[[ RECORD SET open ]]

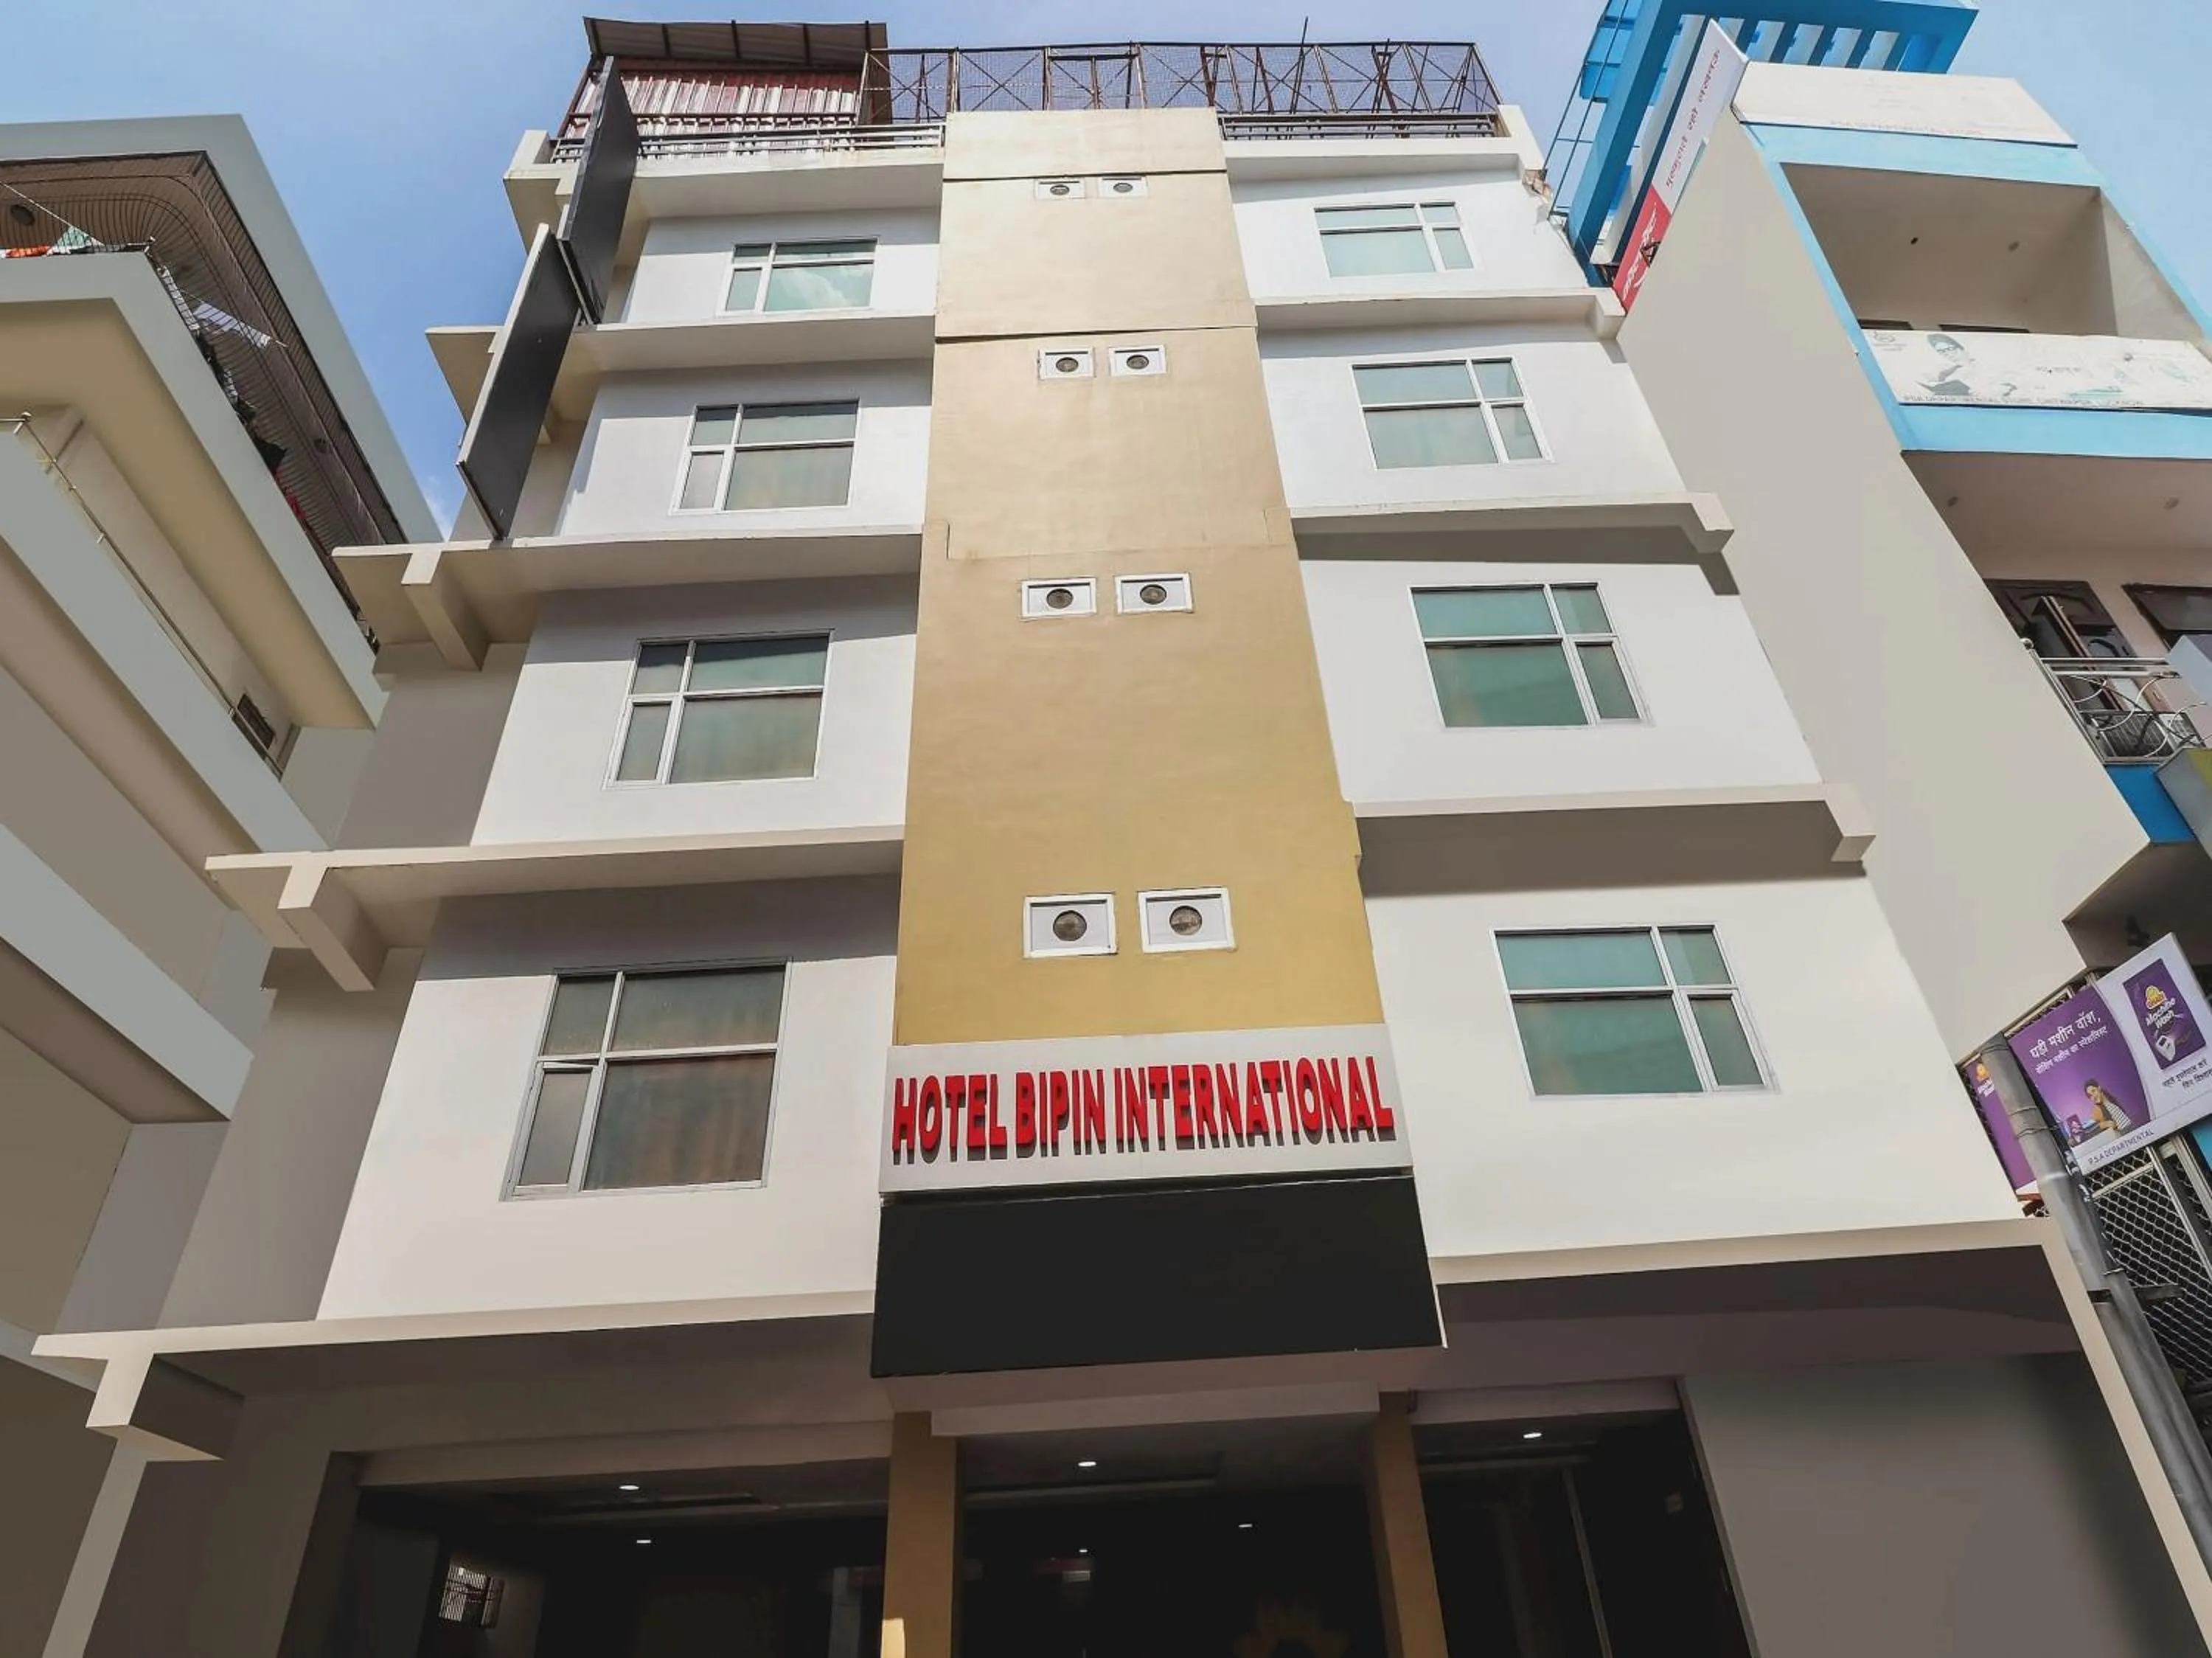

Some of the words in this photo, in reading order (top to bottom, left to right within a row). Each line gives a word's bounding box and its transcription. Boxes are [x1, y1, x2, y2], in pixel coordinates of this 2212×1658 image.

[2048, 1025, 2076, 1046] मशीन
[891, 1073, 1008, 1152] HOTEL
[1015, 1068, 1106, 1147] BIPIN
[1113, 1055, 1394, 1142] INTERNATIONAL

[[ RECORD SET closed ]]

**WHAT NEEDS TO BE DONE:**
The entries above, every one of them, should be retyped exactly, with no pictures carried over.

**ANSWER SPACE:**
Some of the words in this photo, in reading order (top to bottom, left to right within a row). Each line gives a word's bounding box and its transcription. Boxes are [x1, y1, x2, y2], in pixel coordinates of this 2212×1658 image.

[2048, 1025, 2076, 1046] मशीन
[891, 1073, 1008, 1152] HOTEL
[1015, 1068, 1106, 1147] BIPIN
[1113, 1055, 1394, 1142] INTERNATIONAL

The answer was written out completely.